Il politico e la guerra. Maschera e volto dell’Occidente (Bologna, 20 feb. 2016)
Nel panorama del mondo attuale, dominato dalle centrali di potere imperiali e sovranazionali, assistiamo ad una moltiplicazione dei conflitti, utilizzati come sistema di estensione del proprio dominio e di appropriazione delle risorse.
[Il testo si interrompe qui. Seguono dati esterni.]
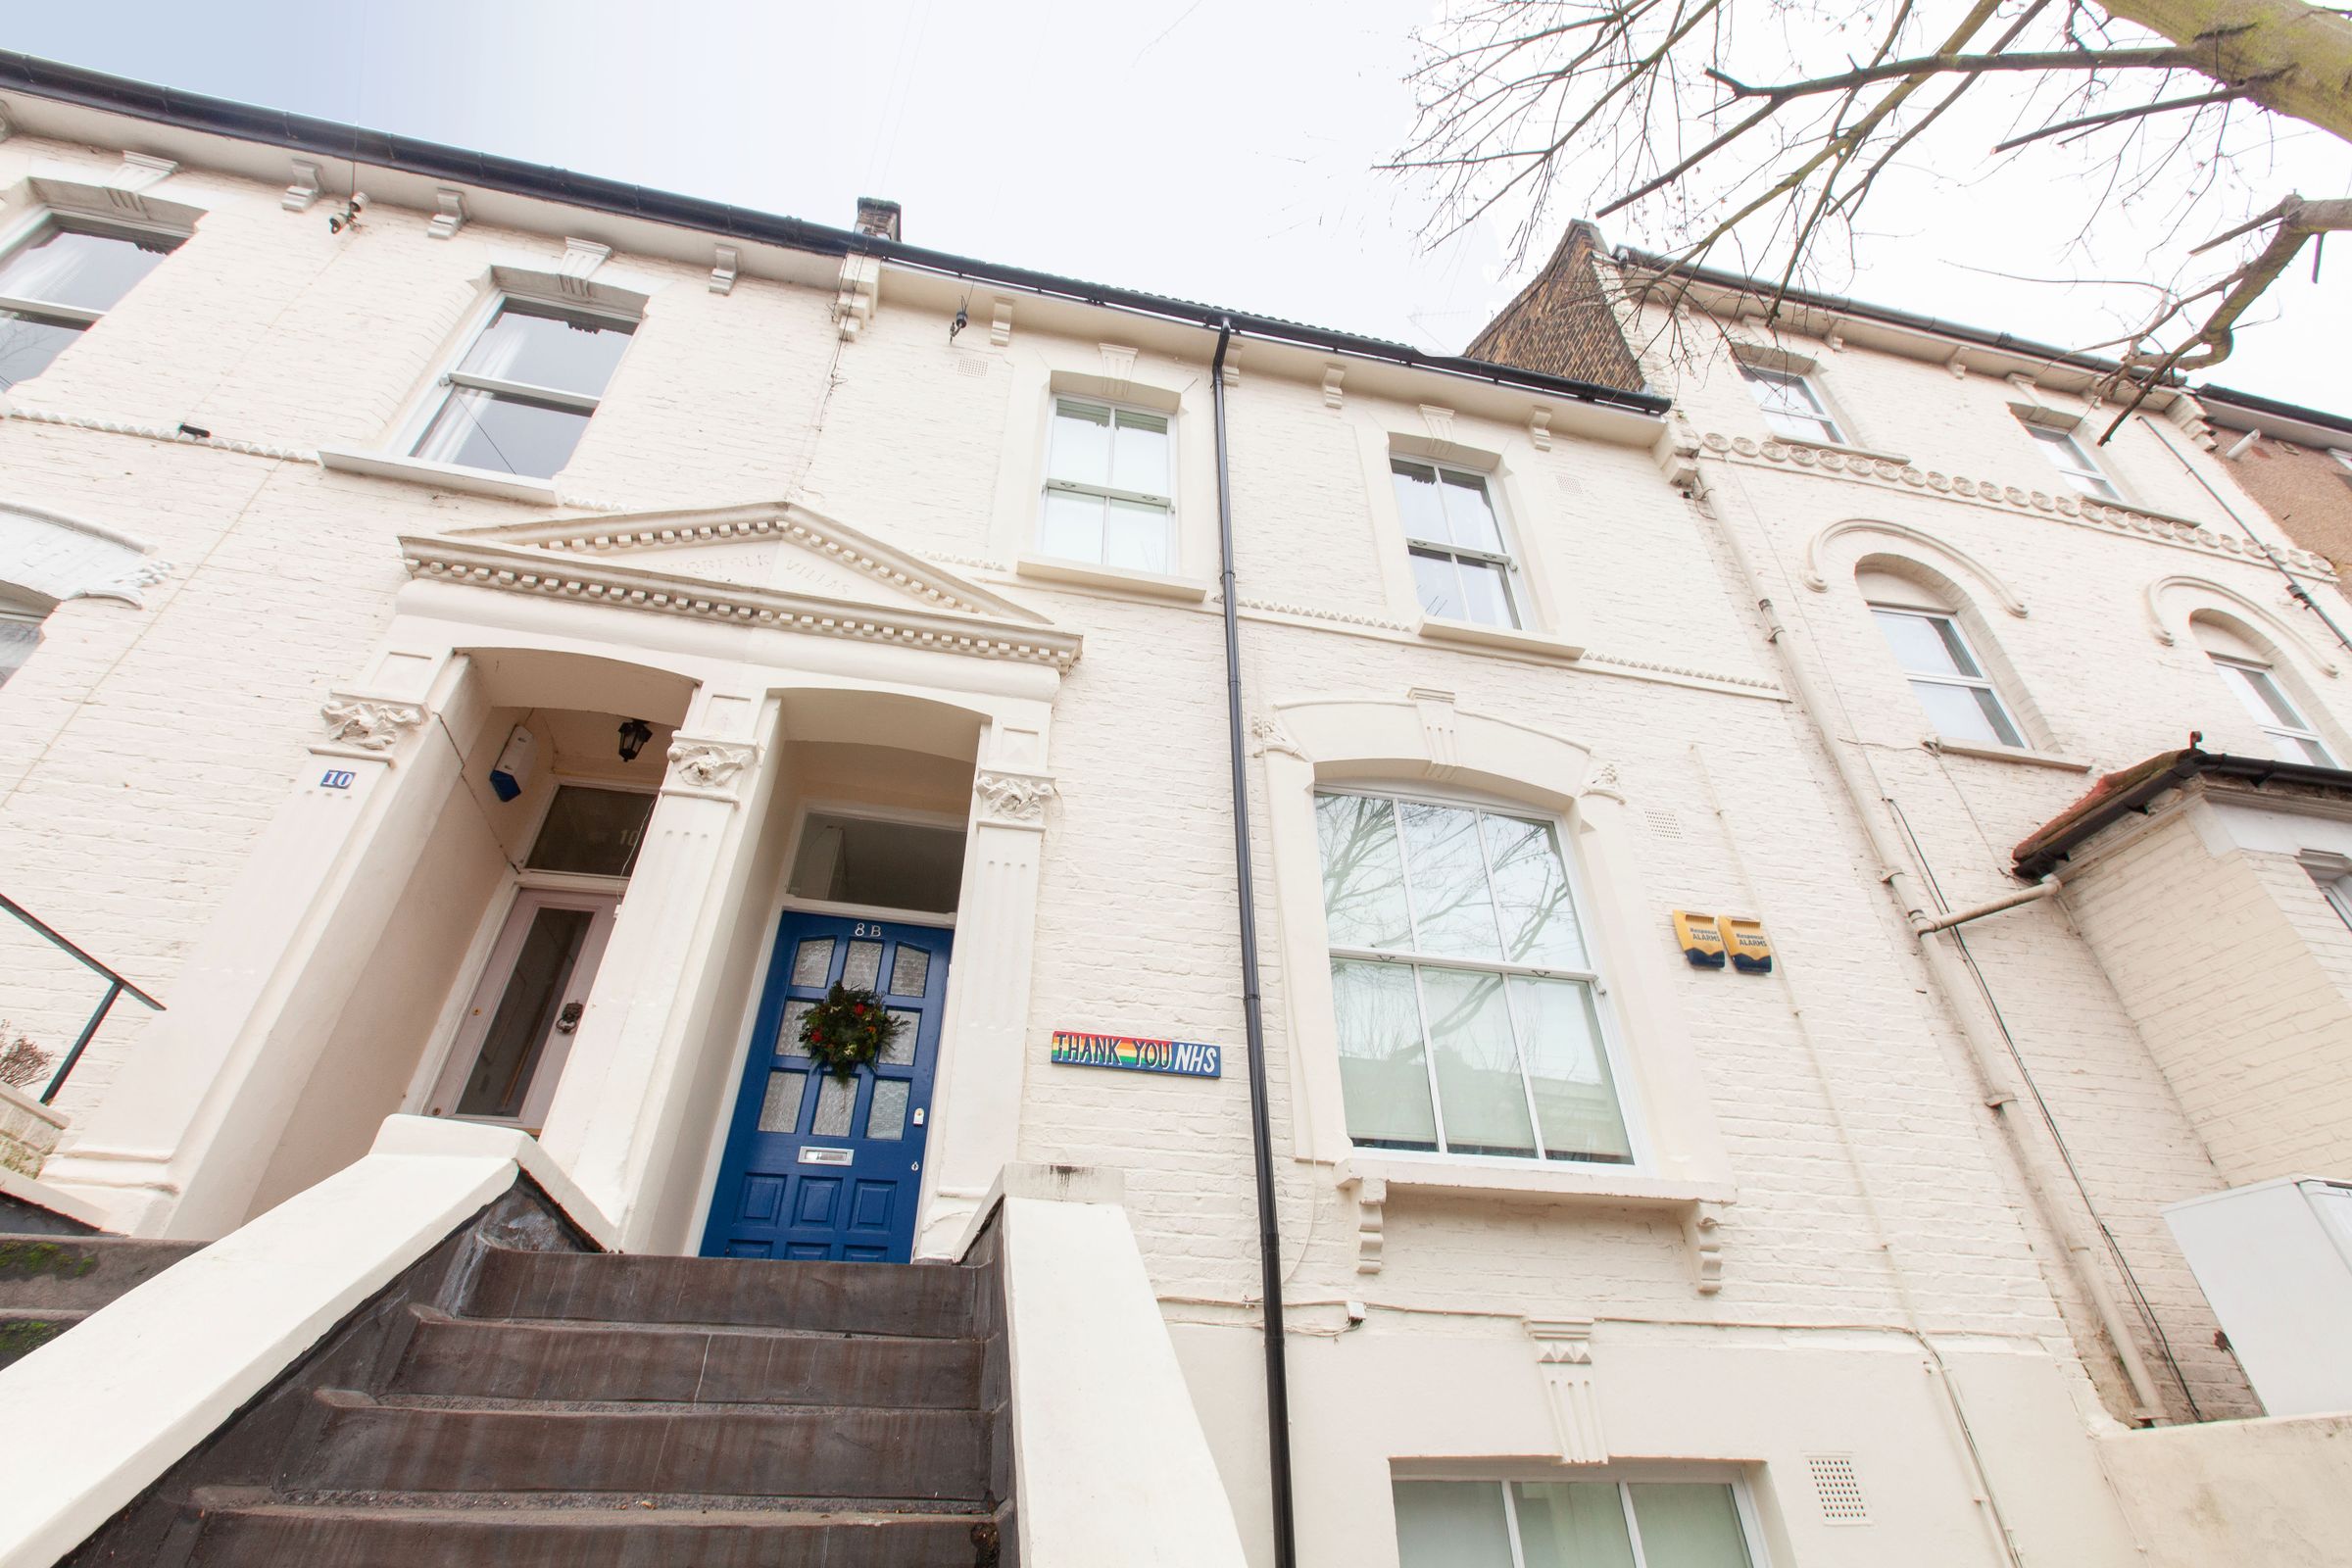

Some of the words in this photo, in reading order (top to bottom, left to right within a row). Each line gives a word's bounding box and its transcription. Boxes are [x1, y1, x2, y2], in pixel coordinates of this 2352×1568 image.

[670, 554, 770, 574] ORFOLK
[323, 771, 354, 786] 10
[619, 829, 639, 846] 10
[1692, 933, 1721, 942] ALARMS
[1055, 1034, 1123, 1066] THANK
[1132, 1040, 1173, 1070] YOU
[1174, 1044, 1217, 1073] NHS
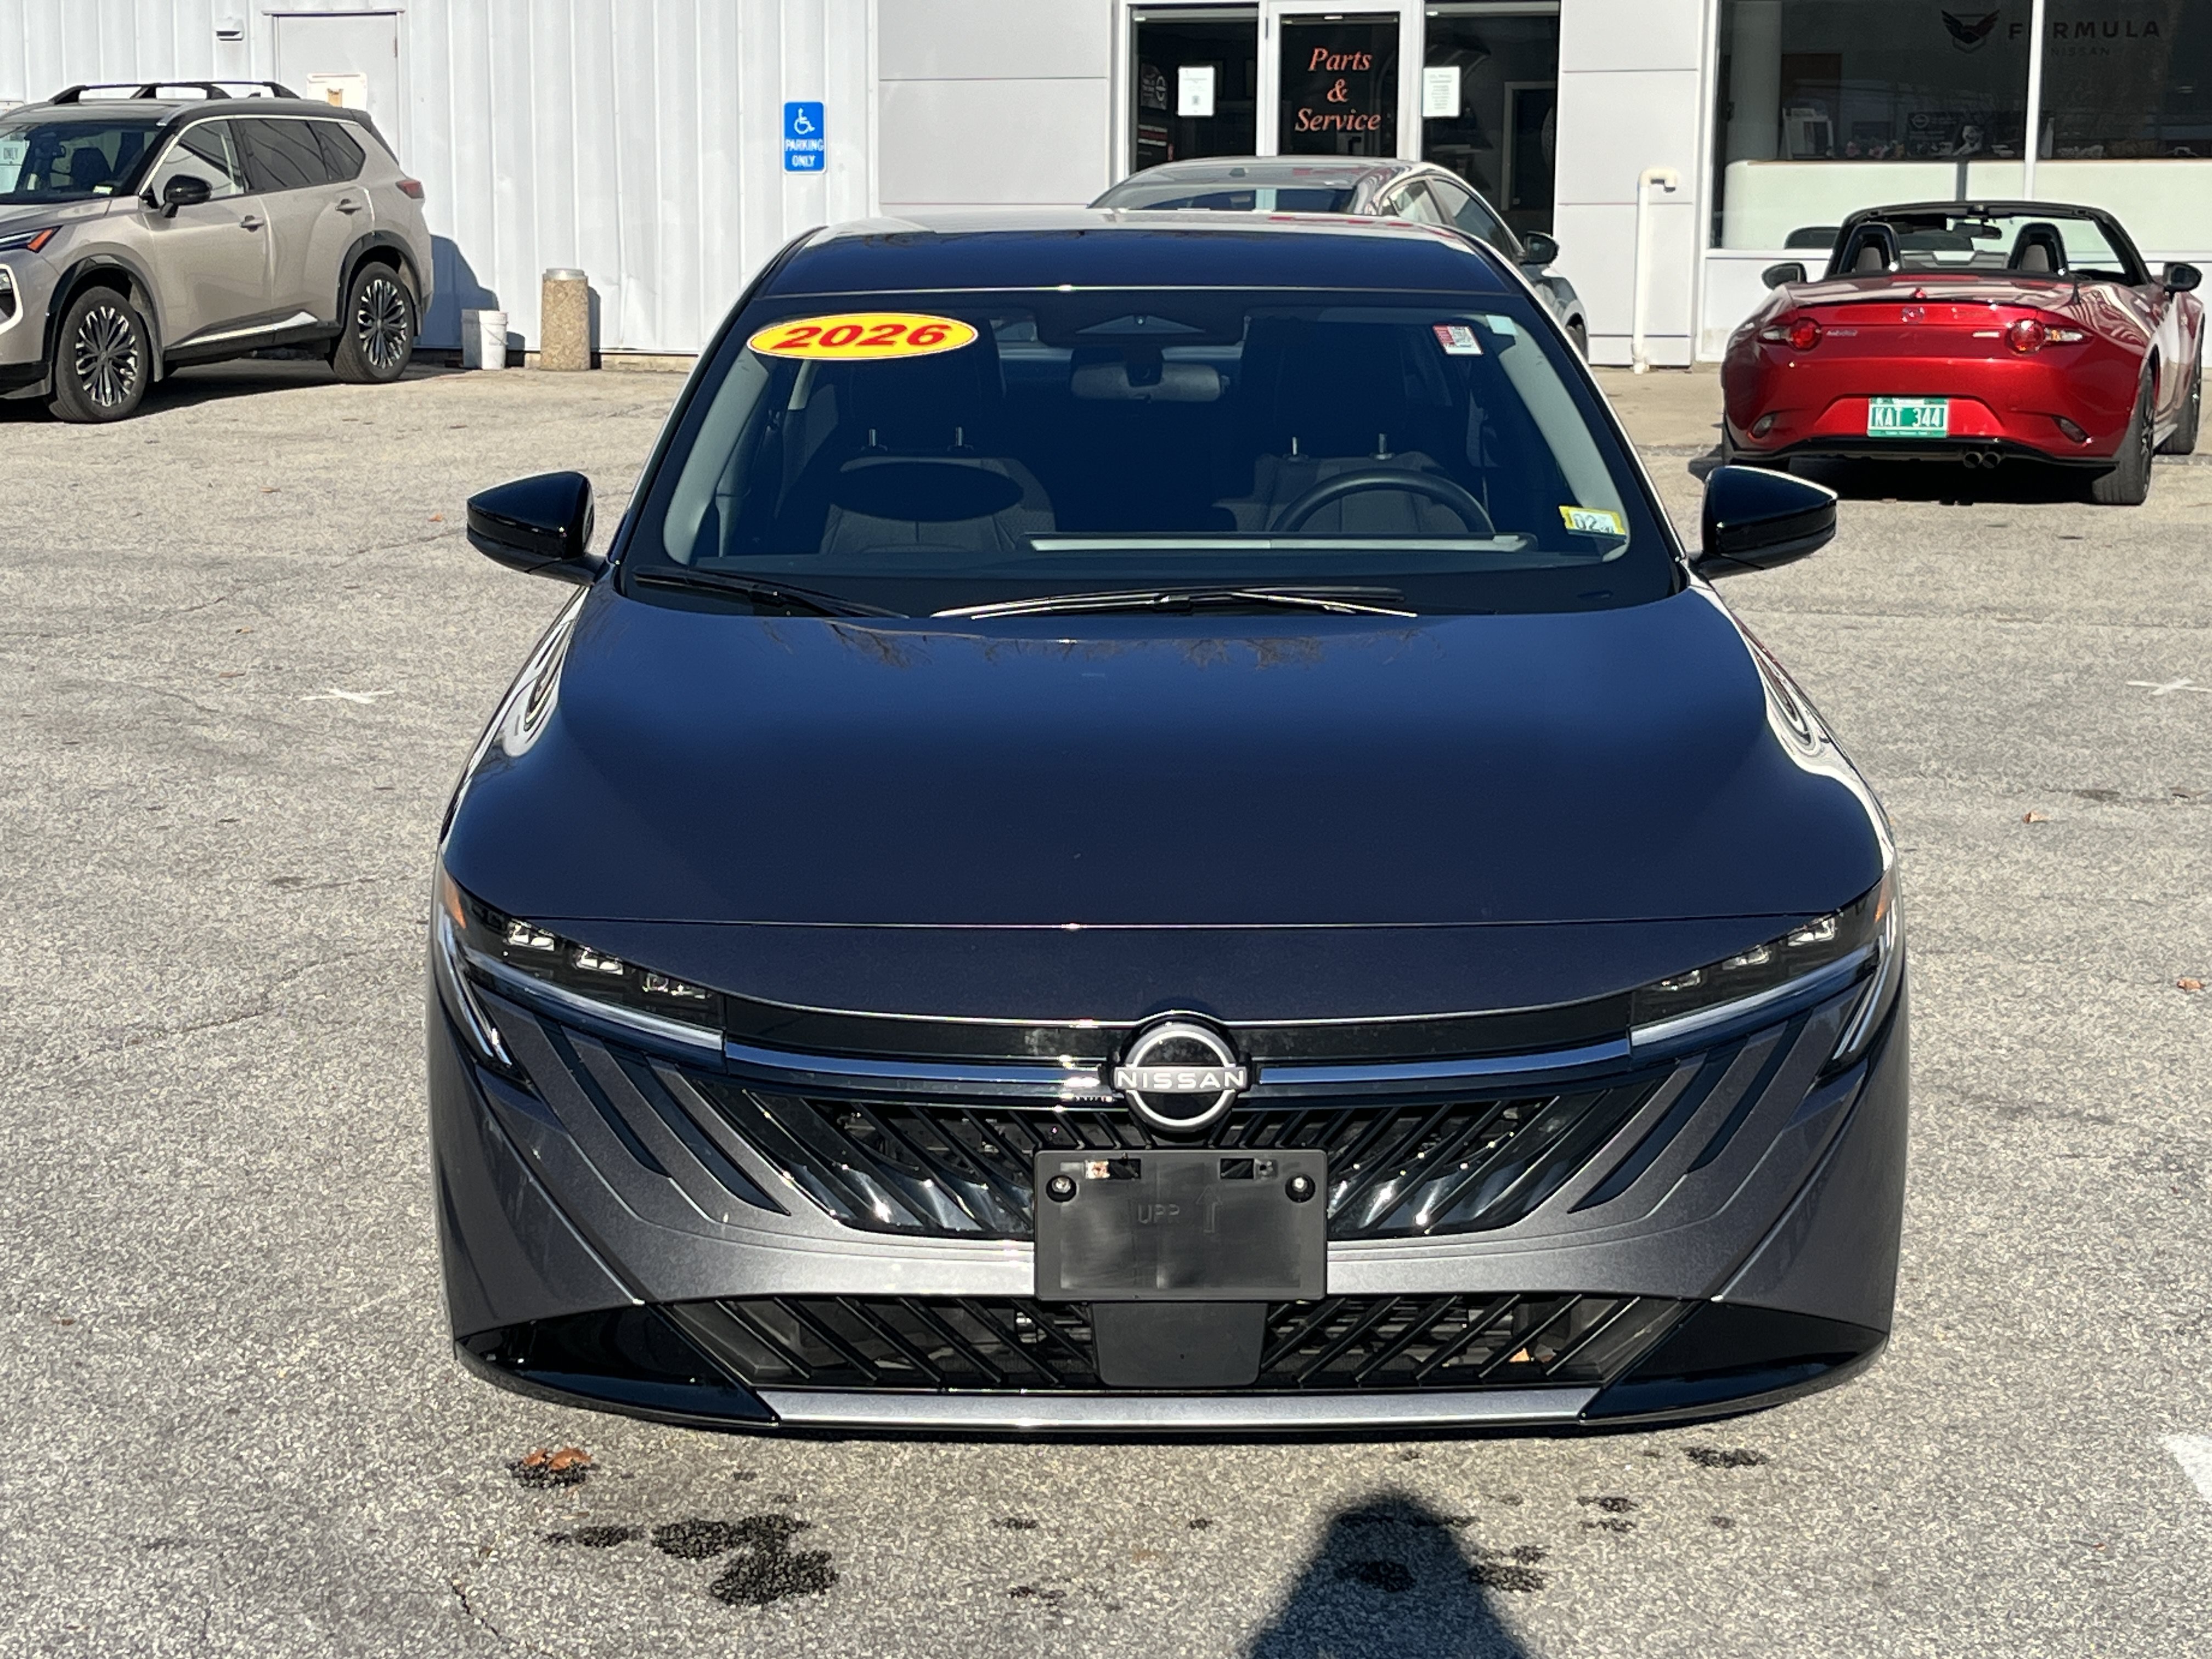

La società del capitale richiede la guerra come autoalimentazione della propria macchina industriale e militare; tuttavia, la guerra non si combatte soltanto con i mezzi militari e sui campi di battaglia ma viene estesa ad altre dimensioni principali, da quella economica a quella mediatica.
Il sistema richiede un controllo delle informazioni ed una manipolazione cognitiva delle menti al fine di orientare le opinioni pubbliche verso il consenso al potere e per la giustificazione dei conflitti intesi quasi sempre come mezzo per “portare la democrazia” o “difendere i diritti umani”. Questi ultimi sono da tempo lo strumento ideologico che consente gli interventi manu militari per conformare ai propri interessi nazioni e popoli una volta sovrani.
Per raggiungere le proprie finalità di dominio, il sistema di potere imperiale riesce a creare avvenimenti che vengono poi “spiegati” all’opinione pubblica in forma narrativa e propagandistica per suggestionare e confondere la mente delle popolazioni: che siano rivolte, attentati terrroristici, ondate migratorie, speculazioni estreme sulle risorse, manipolazione finanziaria, finte contestazioni ed opposizioni politiche di facciata, tutto serve ad un unico fine: quello di perpetuare ed estendere una egemonia che è prima di tutto culturale, sociale, economica e che si esprime in forma di sistema economico e di assetto sociale, lungo la via chiamata “Nuovo Ordine Mondiale”, paradiso per ristretta élite, inferno e catastrofe per i popoli e per l’equilibrio degli ecosistemi.
Per comprendere questo processo storico e gli avvenimenti attuali, realtà come Controinformazione.info, Faremondo, Bye Bye Uncle Sam e Arianna Editrice hanno organizzato una serie di eventi collegati fra loro che prendono in esame anche alcune delle crisi e dei conflitti più importanti (dall’Afghanistan all’Ucraina): tutte occasioni per comprendere ed analizzare le dinamiche in corso di sviluppo e le loro cause profonde.